That shop owner was asking 68,000 rmb a year for 45 sq meters. Today we were looking at stores less than two football fields to the north, where the asking prices are a fraction of that.
While Daniel waited for me he took a quick survey of the shops just west of my complex’s north entrance. Together we walked down the length of the east end. The redevelopment ended with my building, which is on the northern edge of this complex. Further east the store fronts were deep narrow dark caves, brown stucco and smoked gray. One had six-inch spools of threads spilling out the door. It seems to be a factory for spinning threads for the textile industry. The many colored spools are loaded into gunny sacks, onto a blue three-wheeler electric cart and carried off. Most of the other shops dealt with food of one sort or another. Steamed bread, a muslim place with flat breads, a tiny grocery store. There is also a mechanic’s shop for repairing ebikes and miscellaneous mechanical things. Other shops were still shuttered at this early hour.
We wandered back towards my complex and the car; Daniel felt we had plumbed the depths of the neighborhood and come up empty. I said I’d take him to see the ‘expensive’ place in the southwest corner, on the main avenues of Ren Min Rd and He Ping Rd. We could leave the car and reach it on foot in a few minutes.
Before we got in the car I looked one last time towards the west, on the old side of the street. I saw a blue shutter with a phone number on it. I asked Daniel again if he had checked that end of the block. He said he hadn’t noticed that place.
He read the sign and made the call. The speaker said he’d be right down to show us the place. It was a double-wide shop, over 50 sq meters. We waited ten minutes, and then a tanned muscular fellow with a gold and green knitted shirt sporting racing car logos rode up on his motorcycle. He had a deep voice that oozed testosterone.

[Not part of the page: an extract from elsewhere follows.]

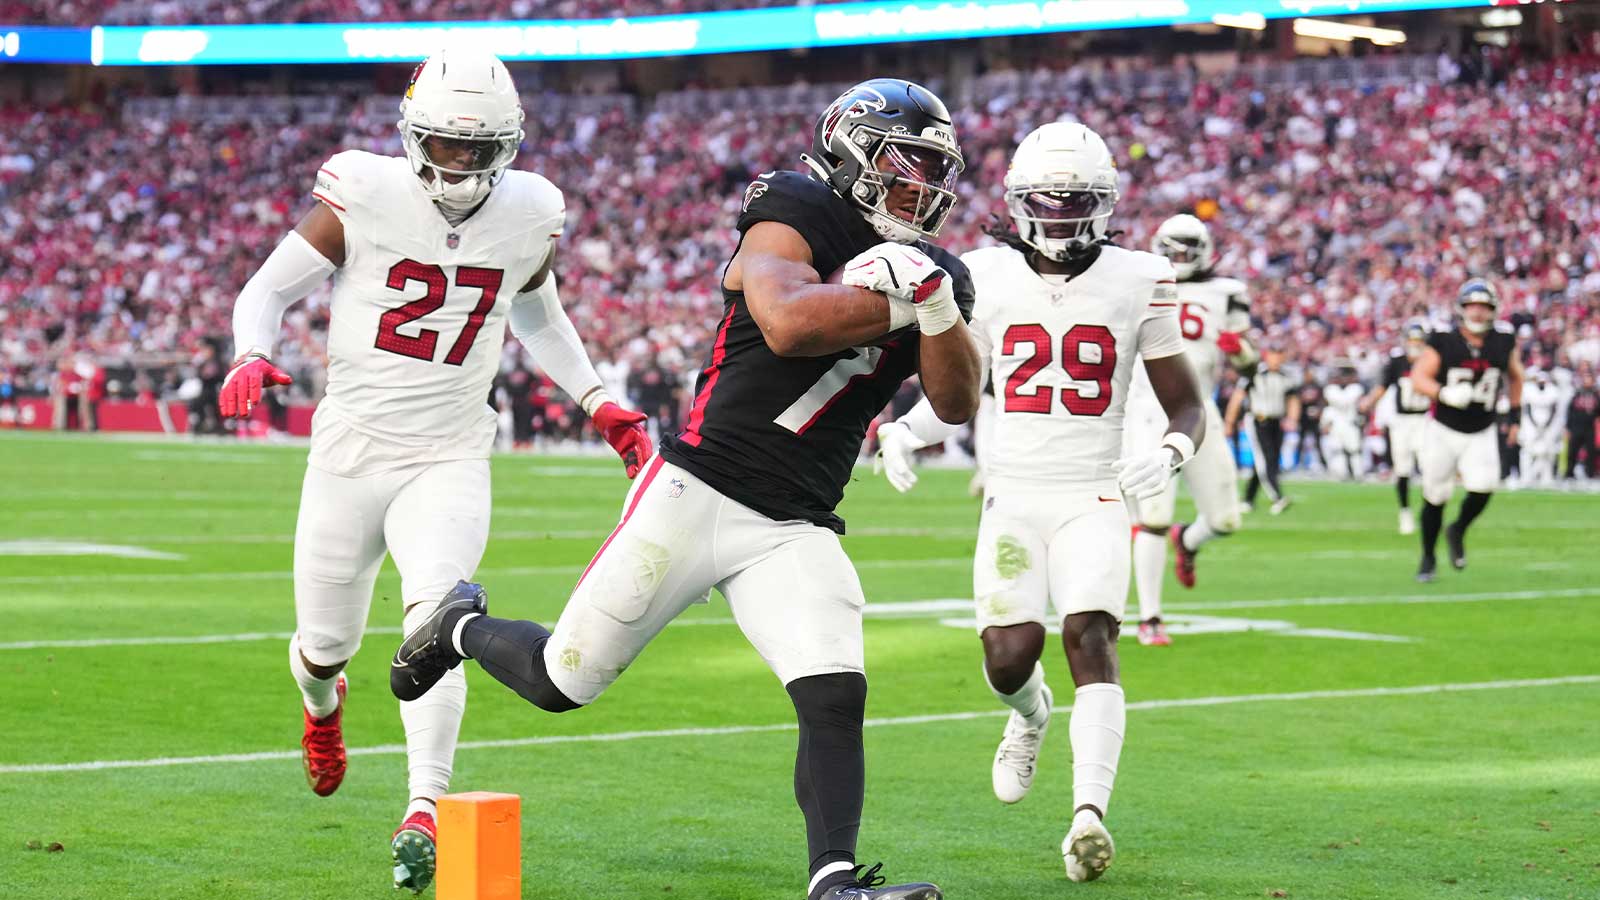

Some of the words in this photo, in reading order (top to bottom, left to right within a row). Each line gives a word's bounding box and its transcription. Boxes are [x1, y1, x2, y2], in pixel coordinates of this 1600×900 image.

He opened the two shutters and let us wander. The first impression to hit the senses was stale tobacco. Every surface was brown with tobacco stains. The floor air conditioner in the corner was thick with it. I fiddled with the grill to see if I could check the filter, but the front seemed rusted shut. There were shiny new mah jong tables with chairs in rows, about eight or ten of them. The room may have been square, but three square pillars across the width of it cut the space into two rectangles, front and back. There is a small room with an air conditioner, suitable for a round dinner table and eight chairs at the right end of the back rectangle. Beyond it a door led to the back. A dark toilet stared at me, as I made a left turn into a narrow room leading to the back door. In that narrow room a sink and counter space had been built from tile-faced bricks. It was crumbling, chipped tile cracked cement stained porcelain sink crooked pipes. Beyond it a step down led to an add-on room with plastic roof and an exterior door. It measured perhaps 9 by 9 ft. Perfect for receiving deliveries, but then, I had no idea what lie behind that door. I know there is new construction just beginning west of this block, at the corner of He Ping Rd. I had no idea what was directly behind this building.
Daniel interpreted now and again, as they engaged in conversation. The asking price was 17,000 a year, he told us. We could have a six month lease, or one year. Wow, I thought. Yes, it would take a major work force days to clean and paint. I wondered how difficult it would be to find that paint that seals in odors. The wiring seemed a mixture. There were extension chords with power strips hanging from walls and snaking along the floor. I observed four ceiling fans, coated black, and a small wall fan. I flicked a switch and the blades began to lazily turn; I flicked it off again.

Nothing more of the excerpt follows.